Bertram Jaspari pretended that he hadn’t heard these soft yet fierce words of Danlo. He seemed afraid to meet Danlo’s blazing blue eyes. He just sat in his jewood chair, adjusting the folds of his kimono, the traditional garment of the Architects of the Infinite Intelligence of the Cybernetic Universal Church. Scarcely a year earlier, in the War of Terror which he had inflicted upon Tannahill, he had dyed his kimono a bright red as a sign of his willingness to shed blood. (Though as far as Danlo knew, he had shed only the blood of his fellow Architects and never his own.) All of the fanatical sect called the Iviomils now wore these same ugly kimonos. Somewhere in space, perhaps hiding behind a nearby star, Bertram’s fleet of Iviomils would be waiting to shed more blood or to accomplish a much more shaida purpose.

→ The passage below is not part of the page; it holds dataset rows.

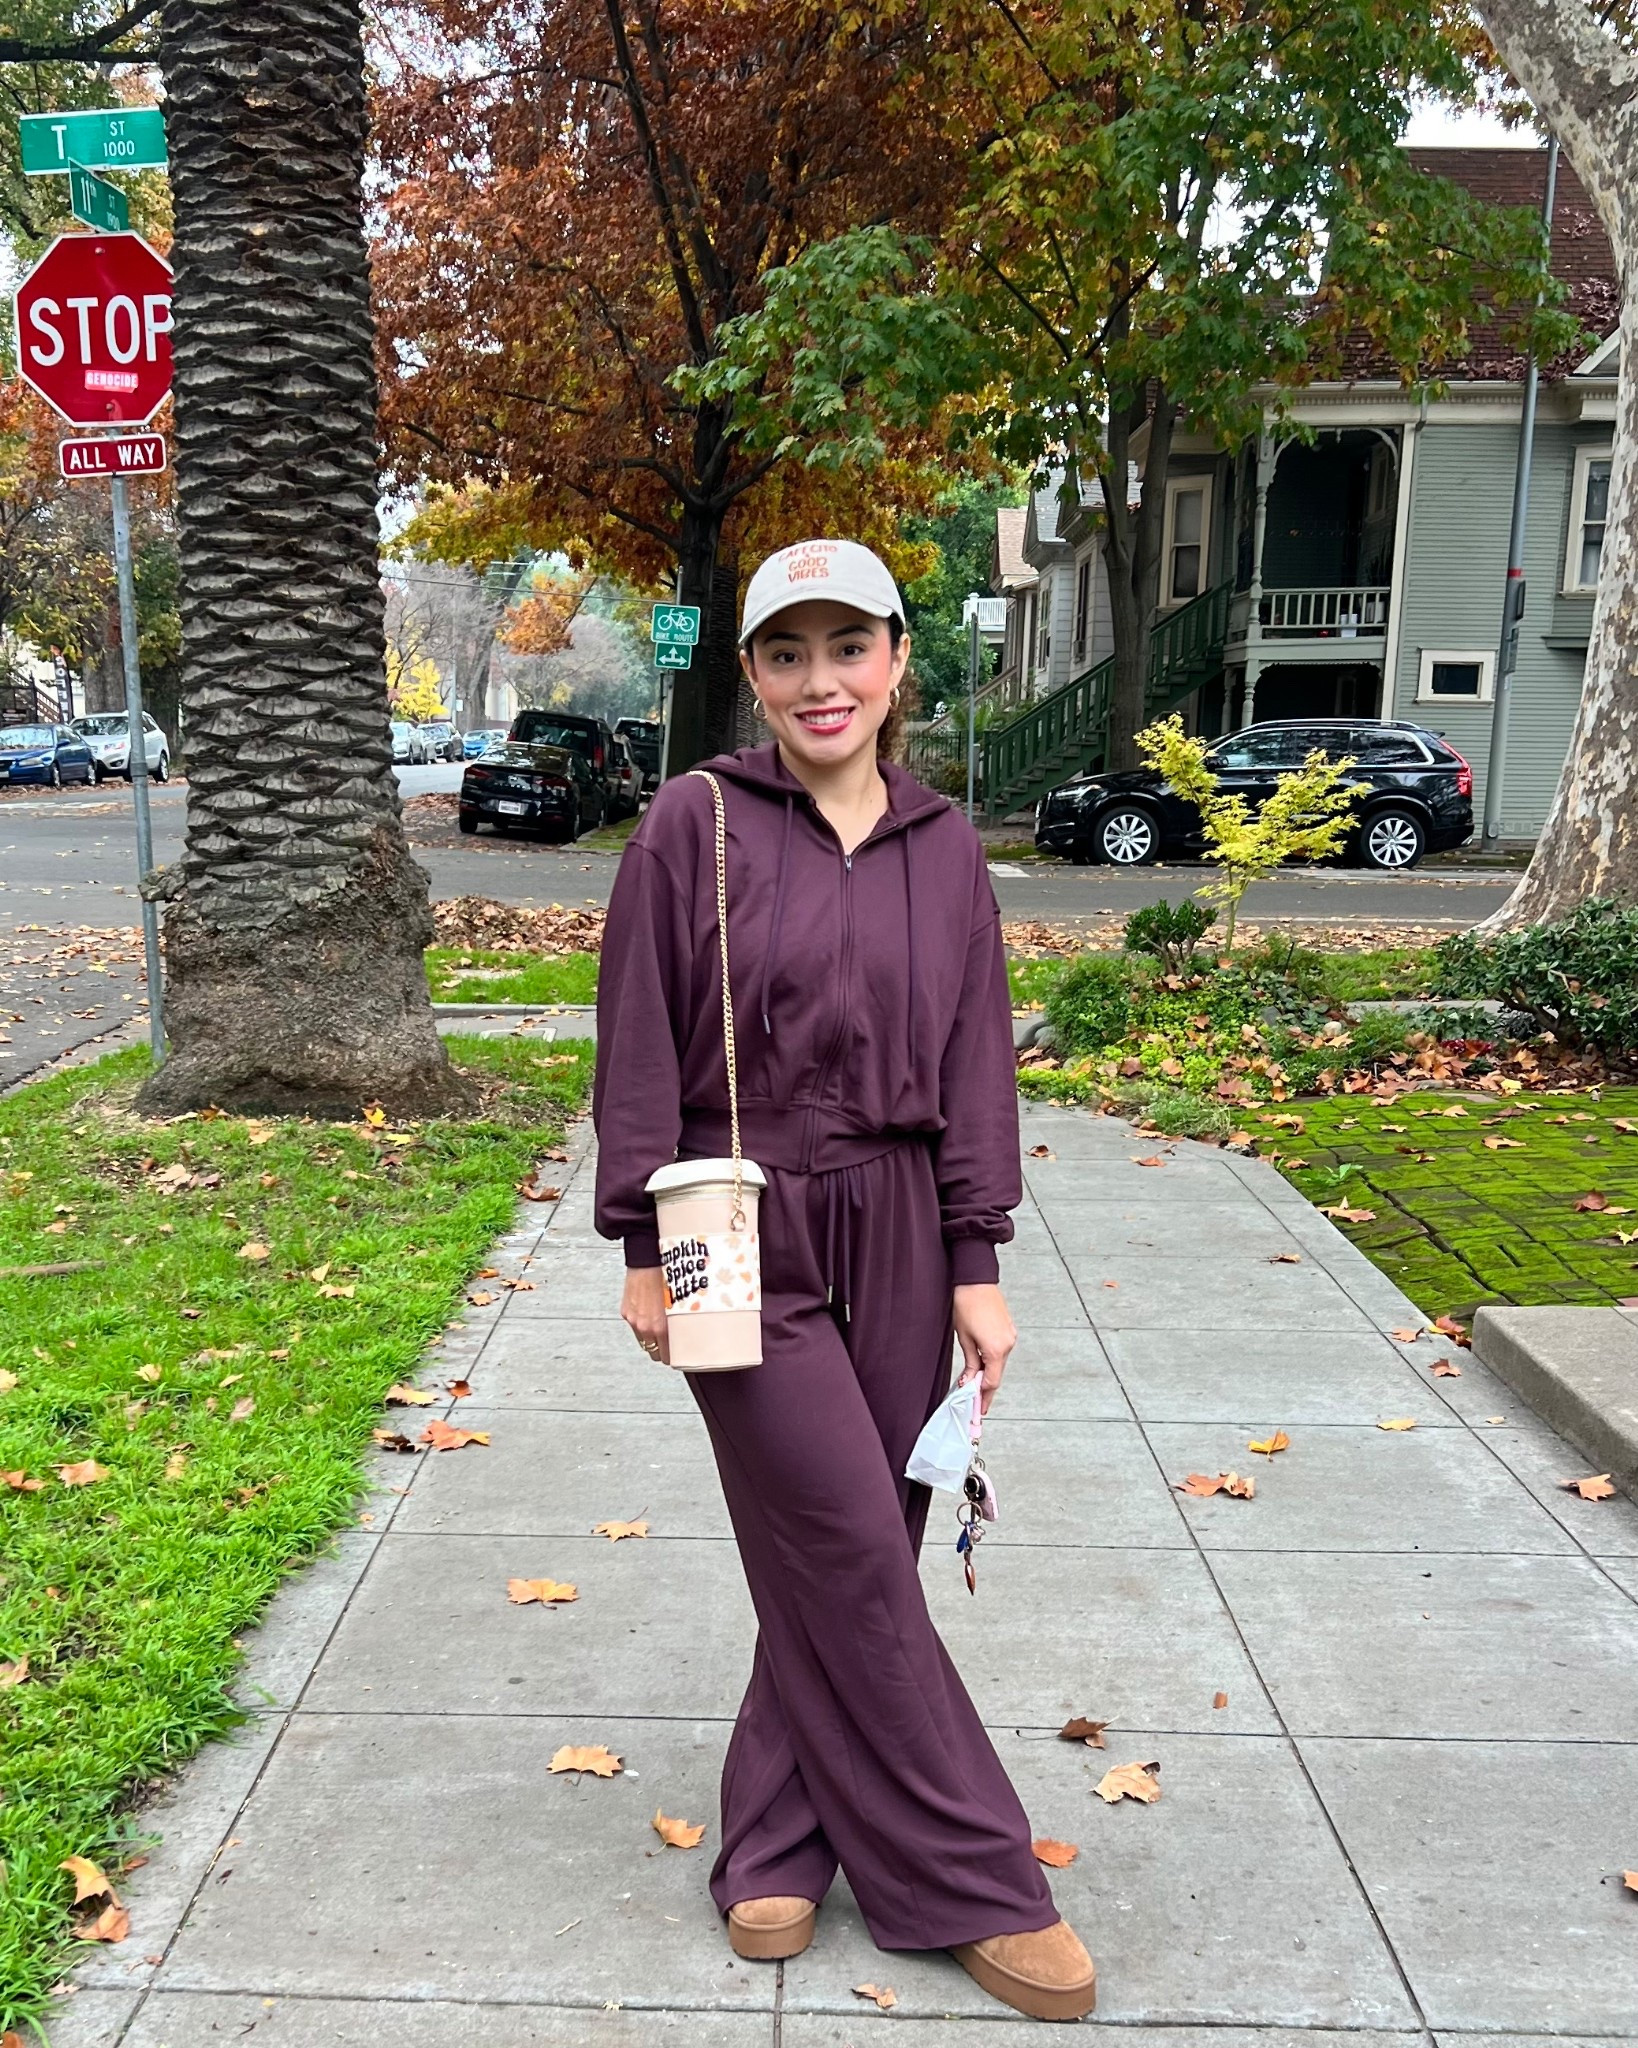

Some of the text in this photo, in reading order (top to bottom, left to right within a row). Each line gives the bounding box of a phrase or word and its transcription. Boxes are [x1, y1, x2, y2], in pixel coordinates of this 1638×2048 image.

[51, 120, 125, 160] T ST
[103, 139, 135, 157] 1000
[29, 293, 175, 367] STOP
[86, 372, 138, 388] GENOCIDE
[69, 442, 156, 470] ALL WAY
[789, 556, 828, 572] GOOD
[788, 567, 830, 583] VIBES
[655, 632, 694, 643] BIKE ROUTE
[666, 1258, 706, 1286] Spice

Next to him, above the remaining empty chair, stood a man who seemed his opposite. He wore a dazzling, rainbow-coloured robe and a single red ring on the little finger of either hand. Like all warrior-poets, Malaclypse Redring was physically beautiful. His skin was like burnished copper; his hair was black and shiny as a sable’s fur. Everything about him rippled with an intense aliveness, especially his eyes, all violet and deep and quick. He, at least, dared to meet Danlo face to face. While the eyes of every lord in the chamber nervously regarded him and wondered why he remained standing, he turned his head to look at Danlo and seek out his fierce gaze. As they had twice before, they locked eyes and stared at each other for a long time. The light streaming deep in Danlo’s eyes seemed to draw him like a fritillary to a star, and yet something he saw there must have unnerved him, too, for without warning he suddenly looked away. No one, it is said, can stare down a warrior-poet, especially only the second one in history to wear two red rings, and the hundred and twenty lords sitting safely behind their tables looked back and forth between Danlo and Malaclypse, afraid to believe the truth of what they had just seen. Malaclypse Redring, too, was afraid, though he had no qualms about letting his fear be known. Once more he looked at Danlo, and told him, ‘You’ve changed, Pilot. Again. Every time I see you, you grow closer to who you really are. And what is that? I don’t know. It’s something almost too bright. I look at you, and I see a terrible beauty. I’m afraid of you, and I don’t know why.’

It is said that warrior-poets fear nothing in the universe, especially death, which they seek with all the concentration and joy of a tiger stalking his prey. For all Malaclypse Redring’s words about being afraid of Danlo, he was still very much like a tiger: beautiful and dangerous. In truth, he was no less a murderer than Bertram Jaspari. The horologe who had escorted him into the chamber waited only a few paces away with his laser targeting the back of his neck. He never took his eyes off this deadly warrior-poet; if Malaclypse should suddenly decide to assassinate Danlo or Demothi Bede – or even Lord Pall – the horologe stood ready to execute him instantly.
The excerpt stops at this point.